Он сузил глаза и внимательно посмотрел на собеседника.
— Сэмпай, вы тоже не знаете о месте нахождения автора «Шайтанских аятов»?
В тоне комиссара звучала виноватость за вопрос, но зрачки по-прежнему тлели неостывающими углями в узкой полосе между сдвинутыми веками. И он добавил:
— Вы вроде не тот человек, кому нужно объяснять, как важно не говорить лишнего.
— Вы, комиссар, только что раскрыли себя самым некрасивым, самым непристойным образом, — поморщился Хитоси. — Теперь мне становится понятней смысл фразы о том, что это неизбежно касается политики. Ну конечно! Вы боитесь не того, что какой-нибудь фанатик-одиночка в своём желании выцарапать проездной в исламский рай зайдёт так далёко, что исполнит карательную фетву14, а того, что в этом ему может оказать содействие гражданин Японии.
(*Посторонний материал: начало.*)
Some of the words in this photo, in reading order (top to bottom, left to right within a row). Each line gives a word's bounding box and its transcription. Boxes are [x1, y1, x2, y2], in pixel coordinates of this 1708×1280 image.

— Сэмпай, когда к горлу приставлен нож, выбор не так уж и велик, — тяжело, как камни, ворочая слова, проговорил Охира. — Но смею надеяться, подобной ситуации здесь, у нас, мы не допустим. Я прошу от вас немного: неукоснительного следования утверждённому протоколу безопасности, в рамках которого инспектор Мамору Канагава должен сопровождать вас. Вы не должны препятствовать ему! Кроме этого, с сегодняшнего дня в протокол внесён дополняющий пункт в части обеспечения систематического наблюдения за вашим домом. До особого распоряжения главы столичного департамента два полицейских наряда будут вести круглосуточное патрулирование вашего района.
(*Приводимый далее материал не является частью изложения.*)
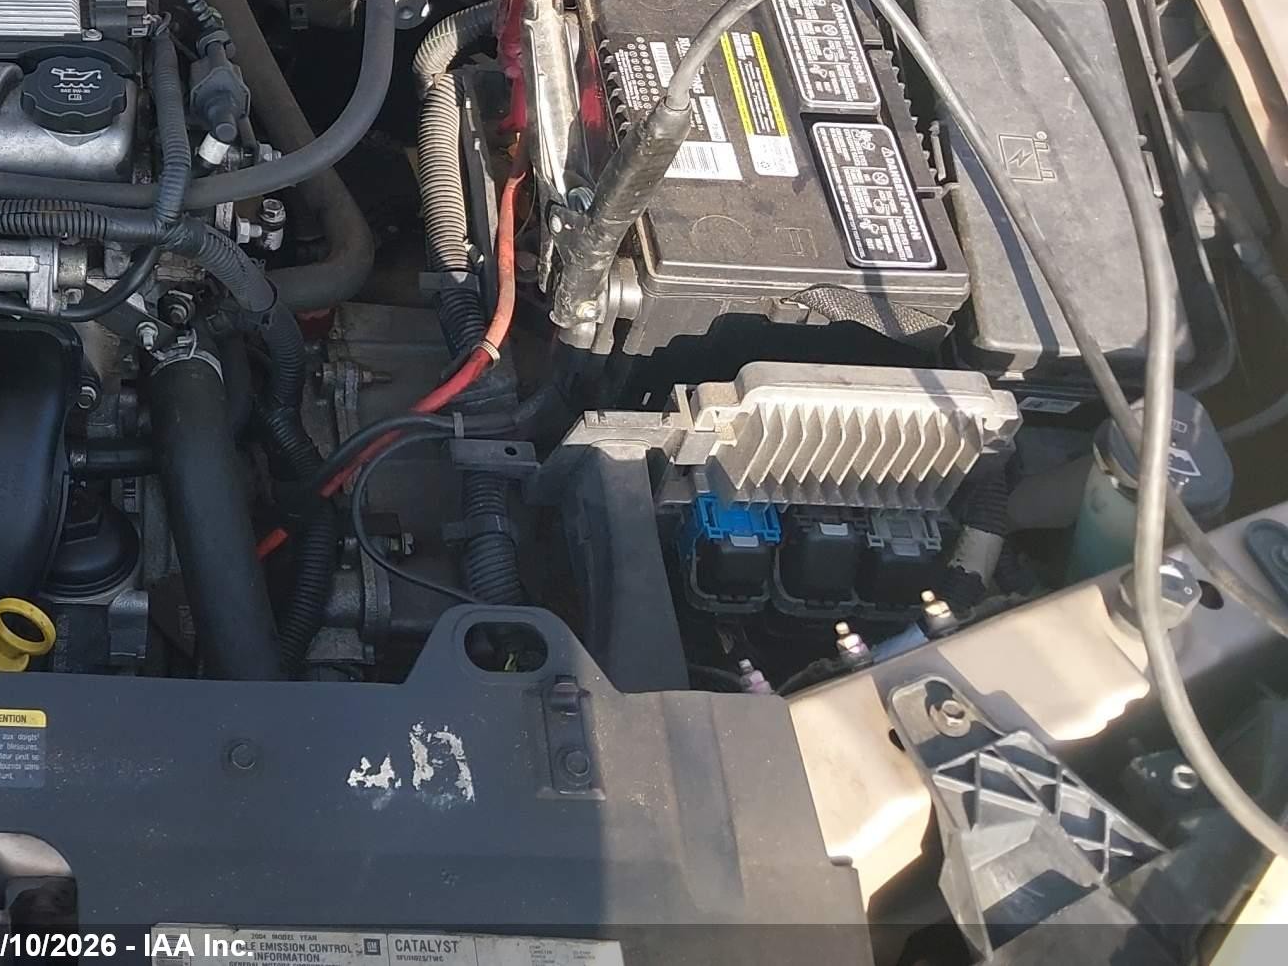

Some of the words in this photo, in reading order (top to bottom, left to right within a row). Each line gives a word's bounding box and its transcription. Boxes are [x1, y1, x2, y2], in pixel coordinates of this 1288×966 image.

[834, 12, 867, 83] DANGER/POISON
[884, 157, 923, 240] DANGER/POISON
[259, 942, 306, 952] EMISSION
[309, 943, 352, 953] CONTROL
[394, 939, 458, 953] CATALYST
[253, 953, 320, 962] INFORMATION
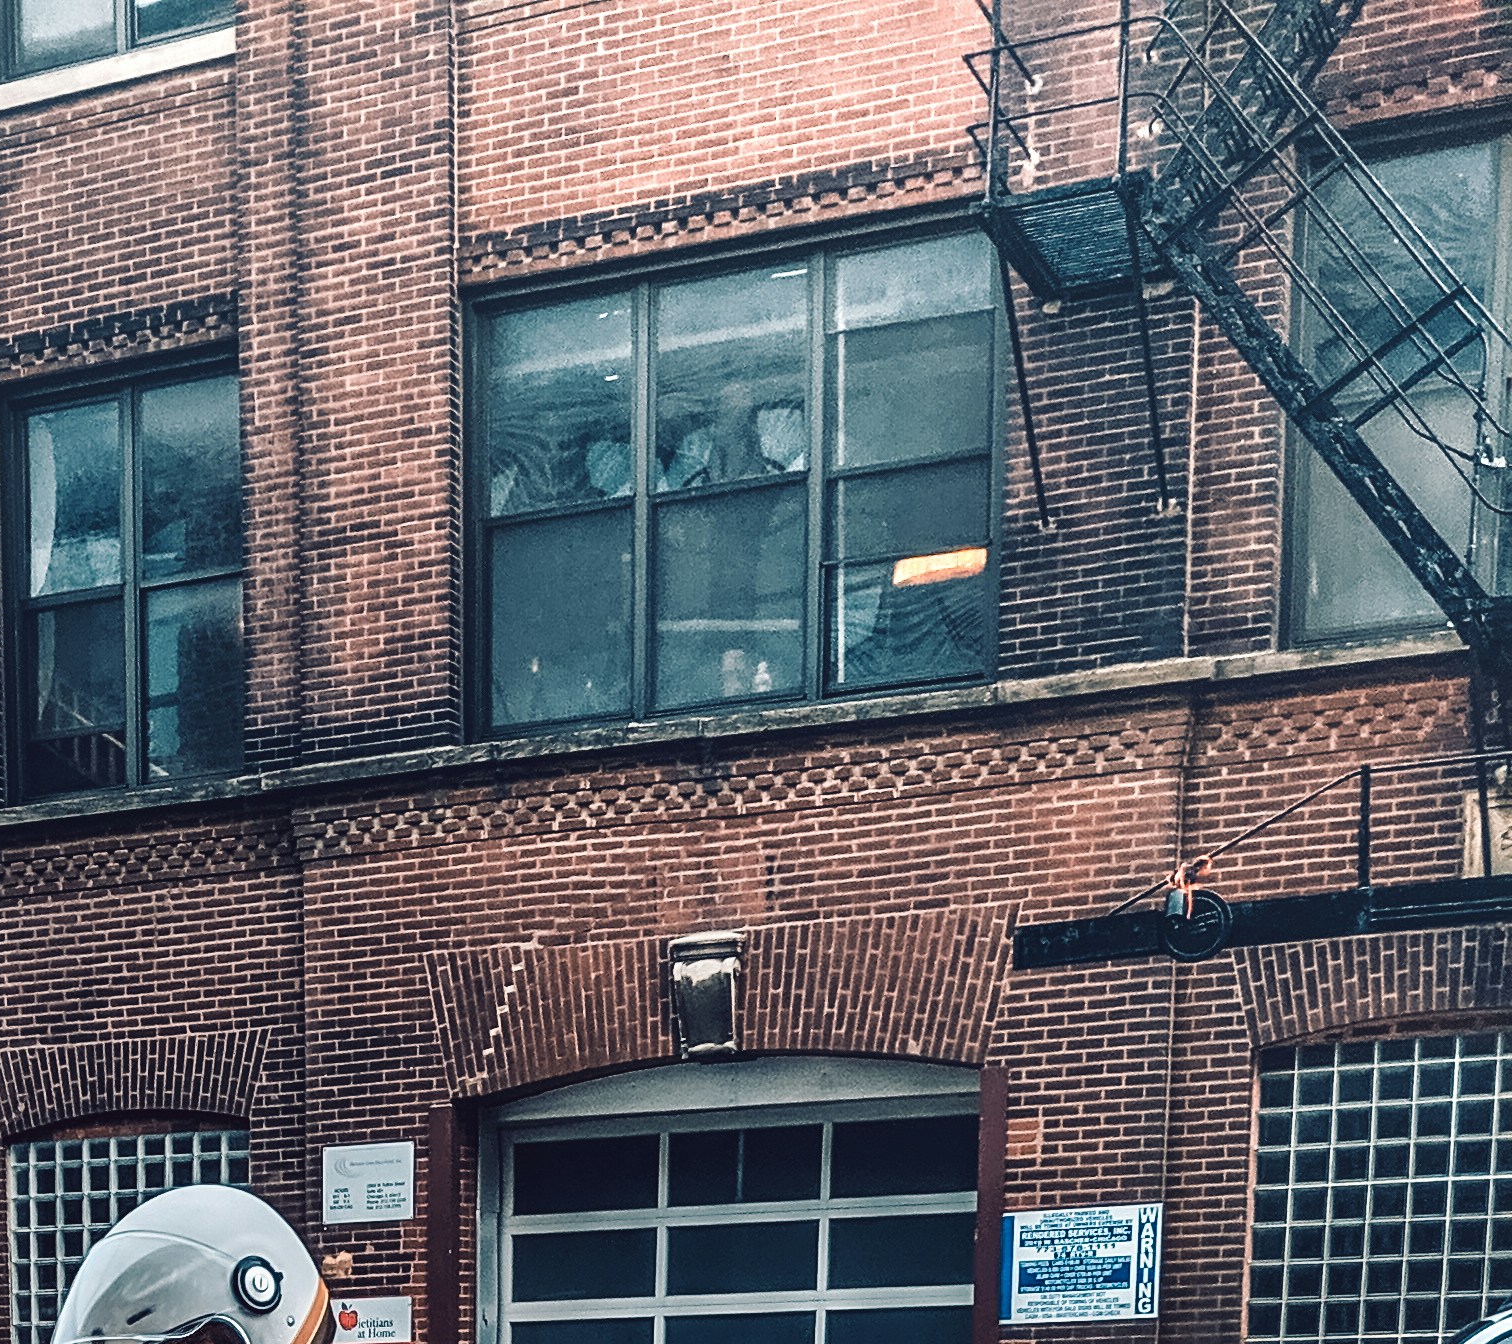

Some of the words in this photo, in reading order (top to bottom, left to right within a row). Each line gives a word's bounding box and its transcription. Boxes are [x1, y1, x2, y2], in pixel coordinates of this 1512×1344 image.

[1021, 1230, 1067, 1240] RENDERED
[1138, 1207, 1159, 1314] WARNING
[368, 1328, 396, 1339] Home
— Всего мог ожидать от вас, комиссар, но это уже слишком. — Хитоси резко поднялся, стряхивая крошки.
— Как и вы, я отказываюсь мириться с тем, чтобы насилие определяло повестку дня. — Охира попытался перехватить Хитоси за руку. — Вопреки вашим словам, я осознаю ценности, за которые ведётся бой, но и знаю цену этому сражению. Мы не можем позволить стать ему тотальным, оно должно носить, в худшем случае, характер спарринга. Мы не можем допустить ещё один Бомбей15.
— Что вы хотите этим сказать?
— Ходят слухи, что в Англию проникла группа боевиков, чтобы поквитаться с Ахмедом.
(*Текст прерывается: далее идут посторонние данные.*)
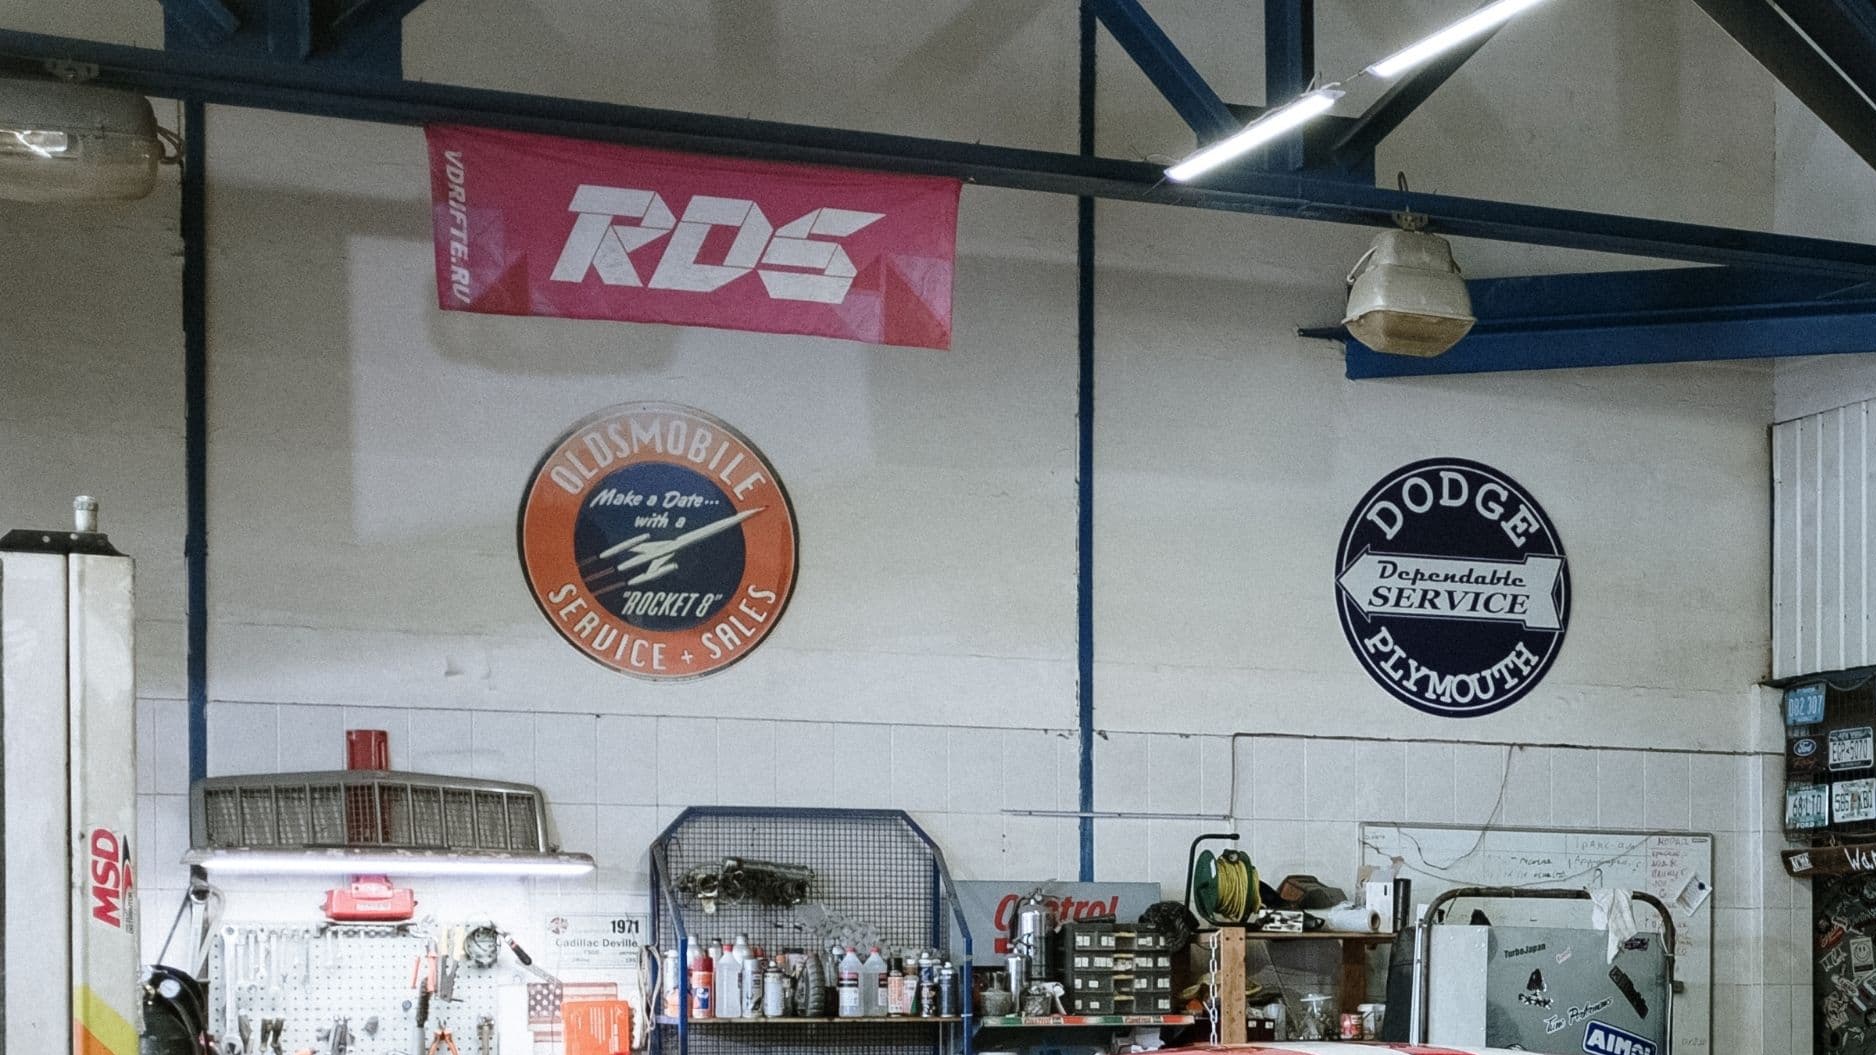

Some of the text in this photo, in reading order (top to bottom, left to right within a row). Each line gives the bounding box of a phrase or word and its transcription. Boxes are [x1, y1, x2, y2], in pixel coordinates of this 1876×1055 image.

— Бросьте, комиссар! — отмахнулся Игараси. — Репутация британских мусульман в результате противостояния настолько сильно пострадала, что они первые же не допустят подобного сценария. Эти слухи не более чем жареные факты для жёлтой прессы, которые журналисты с удовольствием муссируют последние два года. Ваша пресс-служба действительно работает из ряда вон.
Он покачал головой и мягко освободил свою руку из цепкой хватки комиссара.
— Простите, Охира-сан. Вынужден вас оставить.
— Что вы думаете предпринимать? — раздосадованно бросил комиссар вслед уходящему Хитоси.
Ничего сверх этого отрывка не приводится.